> **WHAT TO DO**
Your task is to transcribe the records exactly, skipping every image.

Stored data
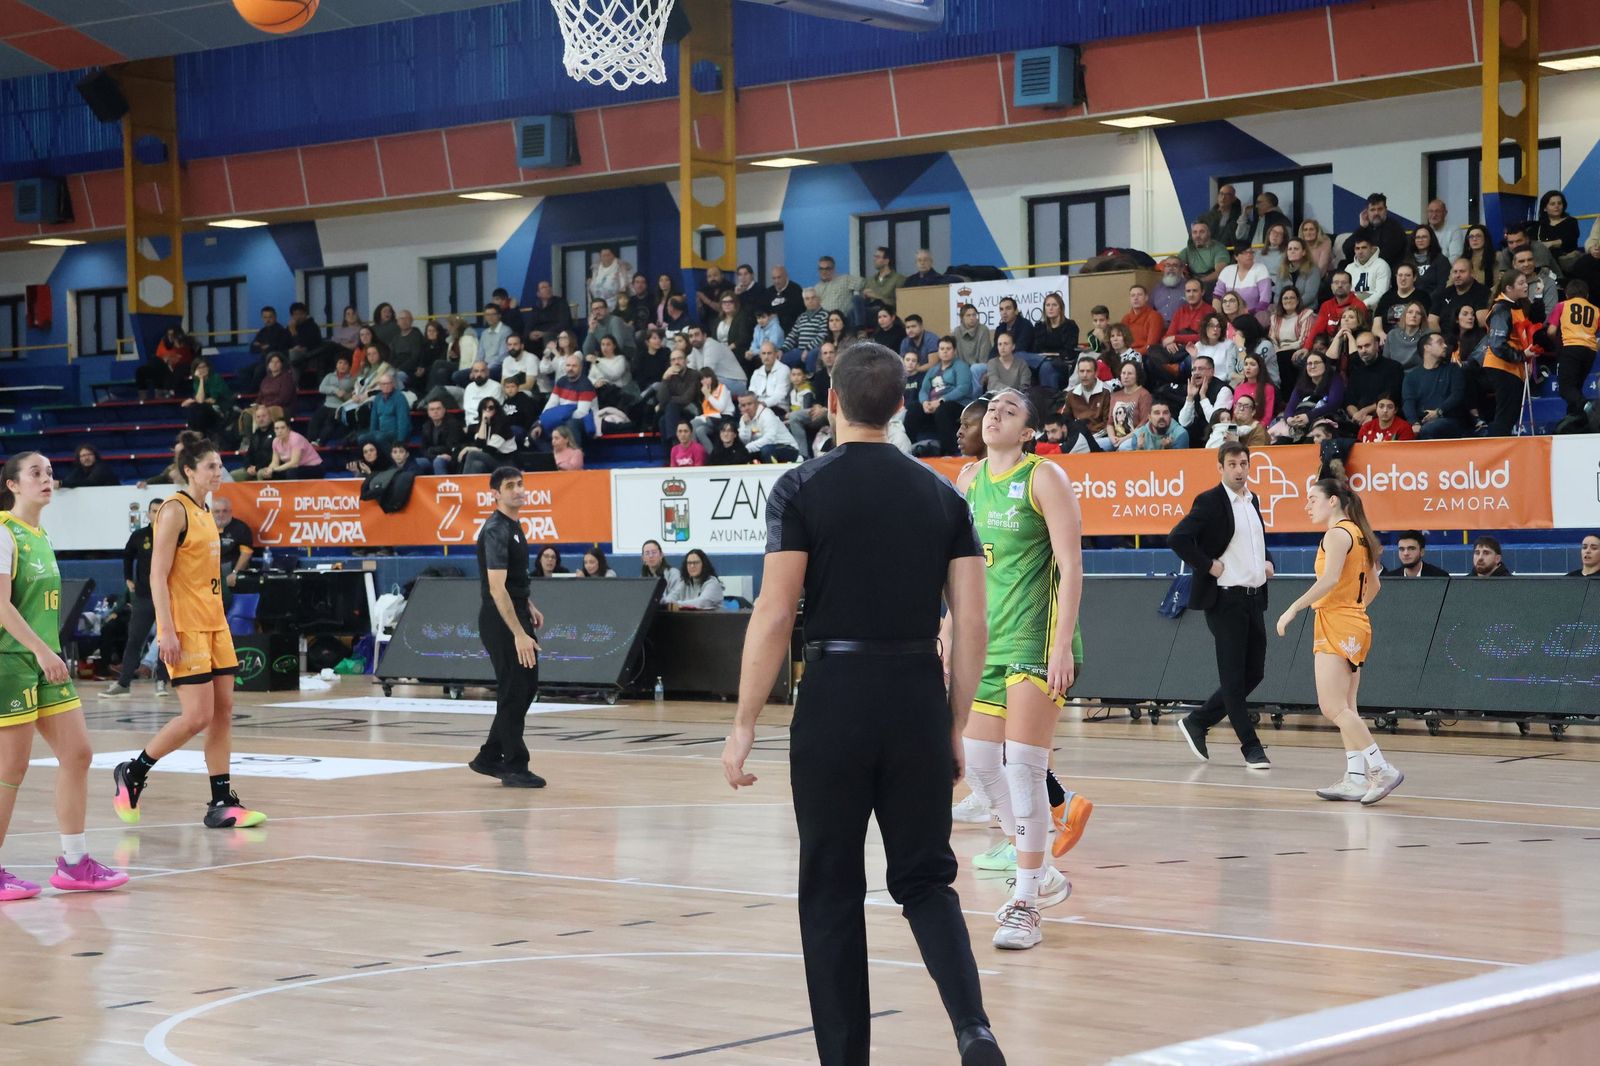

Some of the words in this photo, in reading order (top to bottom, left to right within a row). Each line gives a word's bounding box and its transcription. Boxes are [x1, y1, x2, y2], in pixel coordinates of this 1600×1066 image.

[1570, 303, 1594, 328] 80
[1125, 470, 1184, 498] salud
[1439, 460, 1510, 491] salud
[1112, 503, 1185, 517] ZAMORA
[1423, 497, 1509, 511] ZAMORA
[289, 521, 366, 544] ZAMORA
[987, 518, 1019, 529] enersun
[44, 589, 59, 610] 16

> **ANSWER SECTION**
Some of the words in this photo, in reading order (top to bottom, left to right within a row). Each line gives a word's bounding box and its transcription. Boxes are [x1, y1, x2, y2], in pixel coordinates of this 1600×1066 image.

[1570, 303, 1594, 328] 80
[1125, 470, 1184, 498] salud
[1439, 460, 1510, 491] salud
[1112, 503, 1185, 517] ZAMORA
[1423, 497, 1509, 511] ZAMORA
[289, 521, 366, 544] ZAMORA
[987, 518, 1019, 529] enersun
[44, 589, 59, 610] 16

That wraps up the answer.